那個時候的洪武帝,也是用“從來如此,便對麽”來回應別人的種種質疑。他推翻了種種“從來如此”,才有今日的大明帝國。他最擅長的,就是大刀闊斧的革新,制定自己的規則。

比如廢除宰相制度,延續千年的宰相職位,洪武帝還不是說砍就砍了。

這個小小的女官,居然也有這種想法。

這樣一想,改變喪制,父母同尊,順應了人倫、人情,的確是進步。

而且重要的是,一旦有人反對,我就可以給他扣個不尊重自己母親的帽子,罵他們不孝,占據道德制高點,方便推行新制。

洪武帝沉默片刻,“你退下,宣秋官覲見。”

自從廢除延續千年的宰相制度,洪武帝獨攬大權,起的比雞早,睡得比狗晚,幹的比牛多,實在事情太多,就設置了春、夏、秋、冬輪值官員,幫助自己處理公務,現在是秋天,輪到秋官當值。洪武帝應是要秋官起草文書,修改喪制。

不用挖眼睛了。

胡善圍不敢掉以輕心,盡力克制著自己,看似淡定從容的離開乾清宮。

剛剛走出大殿,就遇到匆匆趕來的沐春。

沐春見胡善圍的眼珠子好端端了,一顆懸起的心方落下。

胡善圍使了個眼色,暗示他不要追問。

沐春會意,和她擦肩而過,卻拐了個幾道彎,從另一條路去了她的住所。推門而入,胡善圍正坐在院子裏的秋千架上,晃晃悠悠。

沐春忙過去,“怎麽聽說皇上大發雷霆要挖你的眼睛?出了什麽事,你——”

胡善圍突然伸手抱住他的腰,好像脫力似的,上半身都癱在他腰記上,沐春這才發現胡善圍全身顫抖,像是陷入了三九寒天,瑟瑟發抖。

胡善圍是那種當場冷靜,應變能力強,但“後勁”特別足,就像去年和江全遇險,被土匪追殺,幾乎車毀人亡,她還能裝死,殺了土匪,救了江全。但之後被毛驤送回後宮,範宮正,曹尚宮等人問她,她就嚇得尖叫昏迷,睡了一天一夜才醒。

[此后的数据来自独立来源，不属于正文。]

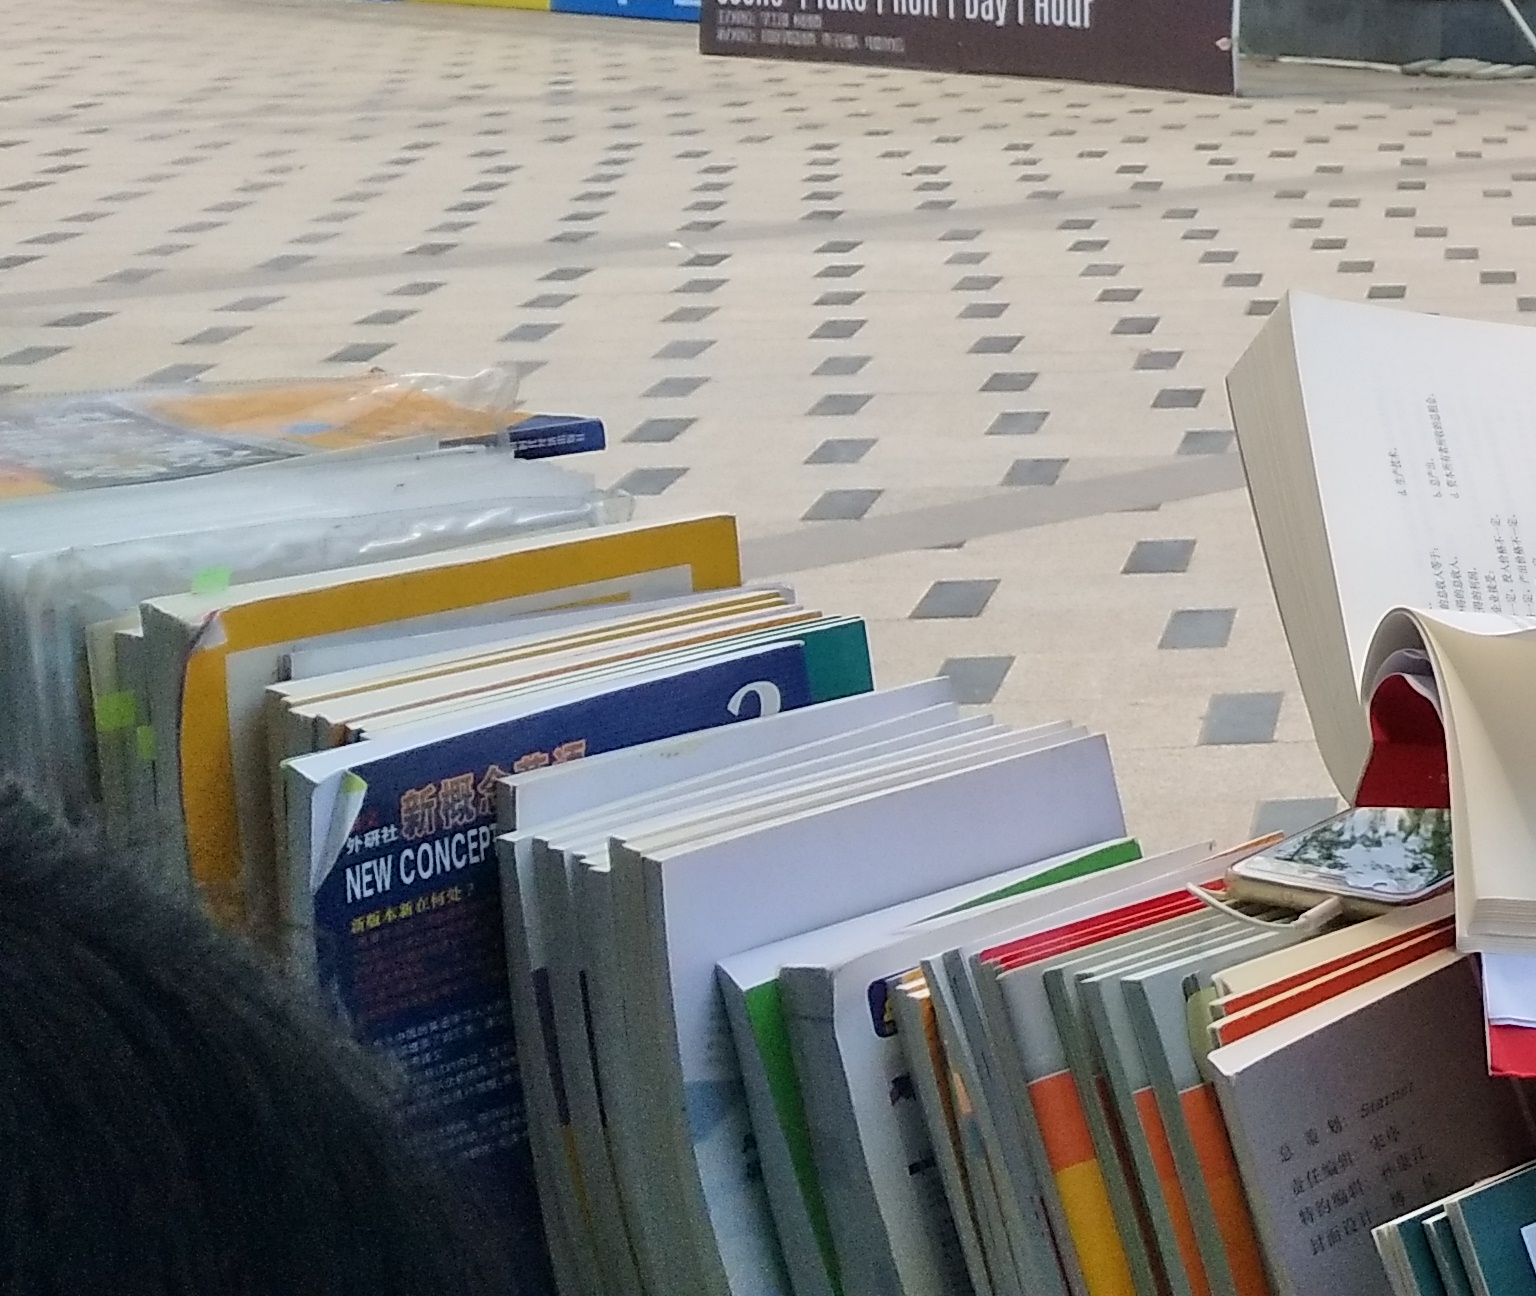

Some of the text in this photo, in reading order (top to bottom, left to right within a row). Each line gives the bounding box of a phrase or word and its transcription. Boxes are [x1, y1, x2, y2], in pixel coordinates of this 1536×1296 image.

[346, 824, 398, 855] 外研社
[346, 855, 393, 903] NEW

今天也是如此,鬼門關走了好幾個來回,她又不是鐵打的,拼勁所有的勇氣和才智自救之後,她就像虛脫似的,一路上步子都打飄,才到院子,連進屋的力氣都沒有,坐在秋千上發愣。

胡善圍是坐姿,沐春擔心她手臂脫力,滑下來,於是緩緩蹲下,以半跪的姿態抱著她後背,輕輕的拍,“不要怕,都過去了。”

剛才胡善圍的頭在他腰記,現在兩人平行,頭碰頭,胡善圍的頭擱在沐春的肩膀上,寬闊,厚實,肌肉包裹著肩胛,擱在頭上也不膈人,彈軟溫和,她感受到他身體散發的熱力和一股說不出是什麽味道的“人味”。

她越抱越緊,放長了呼吸,像黑山老妖似的,近乎貪婪吸取著人氣,她身體上沒有死,靈魂上已經死過一次了。

什麽叫伴君如伴虎?什麽叫君要臣死,臣不得不死。書上寫的都太單薄,只有真實體驗,才曉得每一個字都有千斤重,壓得人喘不過氣來。

很久很久,胡善圍就像吸夠了陽氣,得以還魂的女鬼,她趴在沐春的肩頭,問道:“宮廷就是這樣驚心動魄,命如草芥嗎?”

沐春說道:“一直都是這樣。你永遠無法準確的預知榮耀和災難,到底那一個先到。害怕了嗎?”

“嗯。”胡善圍點點頭,“害怕,但是又有種莫名的興奮。你知道嗎,喪制即將改變,而我,推動了這一步,這是我以前想都不敢想的事情。”

洪武帝叫來秋官,不一會又宣了翰林院幾個年輕的學士,熬了一宿,寫出洋洋灑灑的萬字文《孝慈錄》。

《孝慈錄》重新制定了五服孝制,去除以前孝制“尊父賤母,不合人情;孝制嚴苛,殊絕人性”的弊端,規定:子為父母,所生的庶子為庶母,皆服斬衰三年。